2. No entanto, antes de evocar estas indagações, considero por bem apresentar um discreto juízo sobre este escrito, já que tal juízo é evidentíssimo; pois, ao que parece alguns leitores não sabem sequer ler e/ou entender o que concerne a um texto escrito; pois, como o senhor deve ter percebido é um texto simples, mas apodítico, e as proposições apresentadas são em si mesmas irrefutáveis, posto estarem em ordem a reta razão; e isso sequer precisa de resposta e/ou argumentação além das proposições estabelecidas na parte 1 desta breve apologia; portanto, as indagações que surgiram além das que estão na parte 3, são expressão daqueles que tendo a inteligência destruída “raciocinam” através da vontade de poder da ideologia dominante (comunismo); e isso em si mesmo não é raciocínio, mas emburrecimento programado.

3. Além disso, alguns dos “ilustres” leitores, esbravejaram e falaram que esta breve apologia é uma porcaria, é lixo, que não vale nada e coisas semelhantes; e é estranho tal juízo de valor sobre este escrito; pois, se não conseguiram contradizer nenhuma das premissas que foram escritas, como é que querem falar que esta breve apologia é uma porcaria, etc.; ora, se falam que este texto é uma porcaria, é lixo, que não vale nada, etc., sem terem refutado as proposições nele evocadas, então, quem é porcaria, lixo e não vale nada, etc., são os que assim definiram esta breve apologia.

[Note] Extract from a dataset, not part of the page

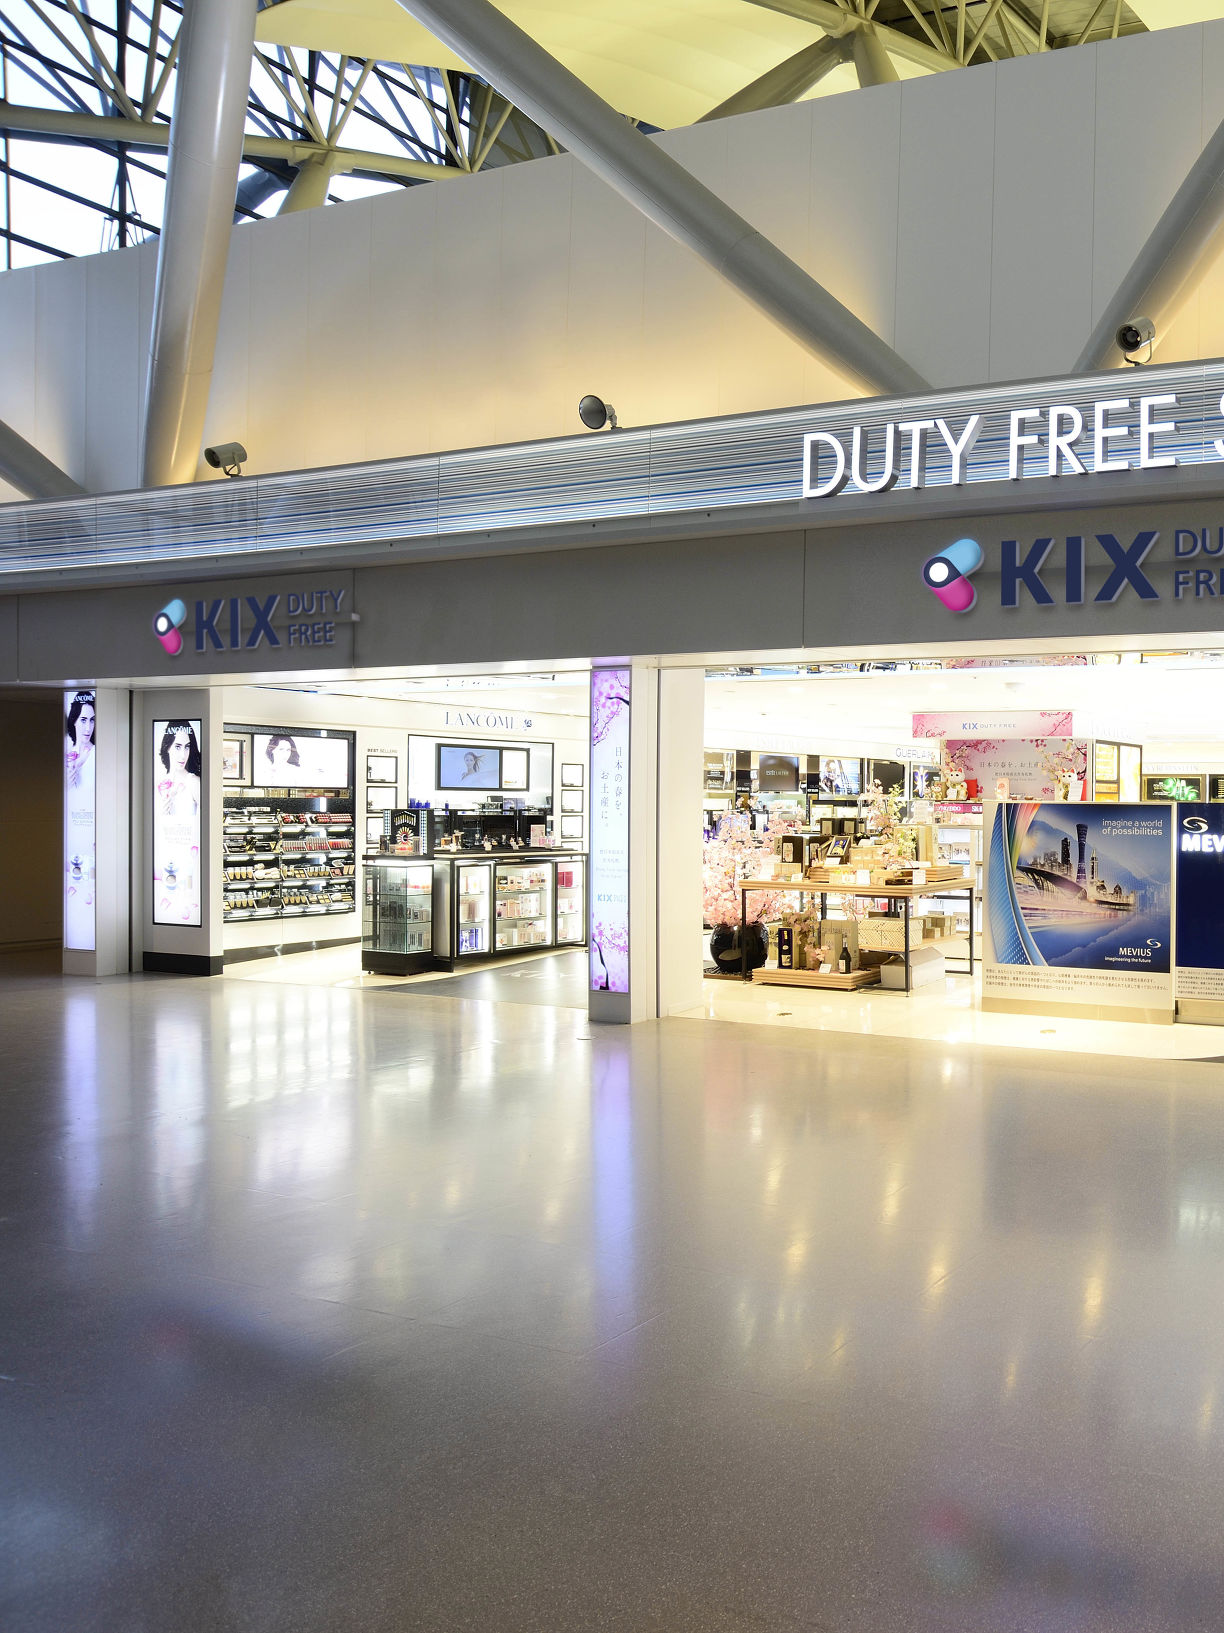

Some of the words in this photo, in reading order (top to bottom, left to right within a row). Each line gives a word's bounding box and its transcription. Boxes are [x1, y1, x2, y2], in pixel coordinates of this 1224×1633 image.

Aliás, a rejeição a condenação (através desta apologia) de uma prática que obviamente é pecaminosa, causou revolta tanto nos luxuriosos que passaram a permitir tal prática e que levaram milhares (senão milhões!) a pecarem soberbamente contra o corpo, quanto causou ebulição nos soberbos que praticam tal ato e ainda escarnecem quando são repreendidos; e lembrando o que diz o Apóstolo em 1Co 3.16-17, certamente, os “cristãos” e os líderes religiosos apoiadores do ato de tatuar o corpo e/ou que praticam tal ato, são na verdade artífices da destruição do templo de Deus.

4. Ora, tendo dito isso, posso evocar as indagações que foram feitas:

(1) O texto bíblico não diz que é proibido o ato de tatuar o corpo, pois o texto bíblico não utiliza o termo tatuagem ou correlatos.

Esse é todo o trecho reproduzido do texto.